Labeled Site Maps — Three Types That Matter

Takeoff maps, inventory maps, irrigation location maps, and path of motion maps — each serving a different purpose in the proposal. The checklist tells you which ones to include, why they signal professionalism, and how accurate site maps give you defensible justification for your pricing without needing a paragraph to explain it.

About Us — Four Specifics, Not One Generic Paragraph

Introduce the client team by name, highlight site-specific safety credentials, show references from similar properties, and mention any client education programs your company runs. The checklist replaces the vague company biography most proposals include with the four specific trust signals property managers say actually influence their decision.

Property Managers Are Telling You What They Want to See.

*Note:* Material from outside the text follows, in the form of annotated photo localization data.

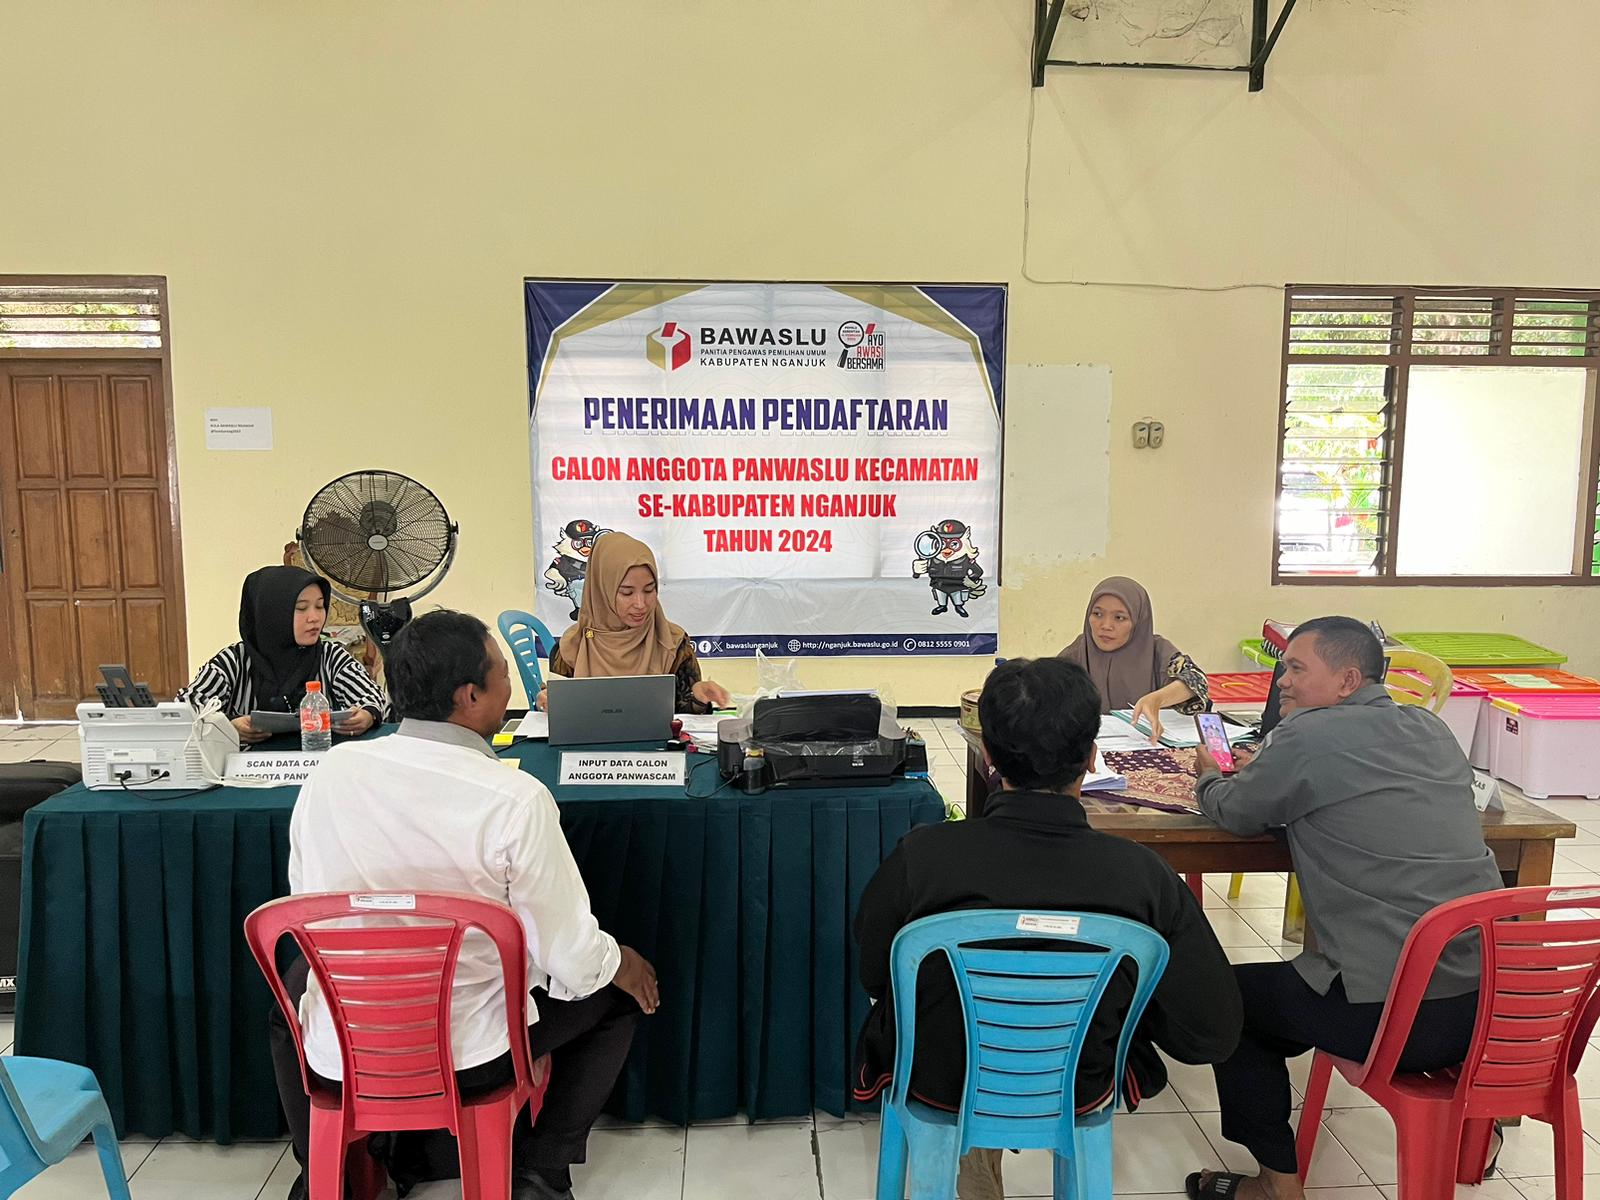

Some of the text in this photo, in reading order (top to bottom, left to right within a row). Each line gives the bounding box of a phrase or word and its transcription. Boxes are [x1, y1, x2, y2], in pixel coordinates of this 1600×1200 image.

[700, 327, 827, 346] BAWASLU
[867, 334, 884, 346] AYO
[700, 348, 728, 356] PANITIA
[728, 348, 767, 356] PENGAWAS
[856, 345, 884, 358] AWASI
[700, 357, 827, 367] KABUPATEN NGANJUK
[846, 357, 884, 370] BERSAMA
[583, 396, 949, 434] PENERIMAAN PENDAFTARAN
[551, 456, 979, 482] CALON ANGGOTA PANWASLU KECAMATAN
[638, 493, 897, 518] SE-KABUPATEN NGANJUK
[703, 529, 833, 553] TAHUN 2024
[918, 640, 935, 648] 0812
[953, 640, 970, 648] 0901
[246, 760, 273, 768] SCAN
[578, 759, 668, 767] INPUT DATA CALON
[568, 772, 677, 780] ANGGOTA PANWASCAM

Most Landscaping Companies Aren't Listening

This checklist exists because the feedback is already out there — from the property managers evaluating commercial landscaping proposals every day. They know what a weak cover letter looks like. They notice when the pricing page is designed to obscure rather than clarify. They see immediately when a proposal doesn't include a site map.

The companies winning the most commercial contracts aren't necessarily doing better work. They're communicating their work better — in every section of every proposal they submit.

This checklist is a six-section, item-by-item standard for doing exactly that.

FAQs

Where did the items on this checklist come from?

Two sources: the best practices observed across the most successful commercial landscaping companies, and direct input from property managers about what they look for — and what they notice is missing — when reviewing landscaping proposals. It's not a list of what looks good. It's a list of what actually influences the decision.

Which section of the proposal do most landscaping companies get wrong?

The pricing page and the About Us section are the most commonly mishandled. Pricing pages often bury line items in ways that make competitive bids look expensive, and About Us sections tend to describe the company in general terms rather than introducing the specific people accountable to that property. Both are easy to fix once you know what to check.

Do I need site mapping software to follow this checklist?

Site maps are one of the six sections — and they're among the most impactful. Even basic takeoff maps and irrigation location maps signal a level of preparation that generic proposals can't match. The checklist identifies which map types matter most, so you can prioritize based on what you currently have the tools to produce.

How often should we review our proposal format against this checklist?

Before any significant bid, and at minimum once a season. Proposals drift over time — sections get removed, pricing formats change, the About Us page goes stale. Running your current template against this checklist takes under 15 minutes and catches gaps before they cost you a contract.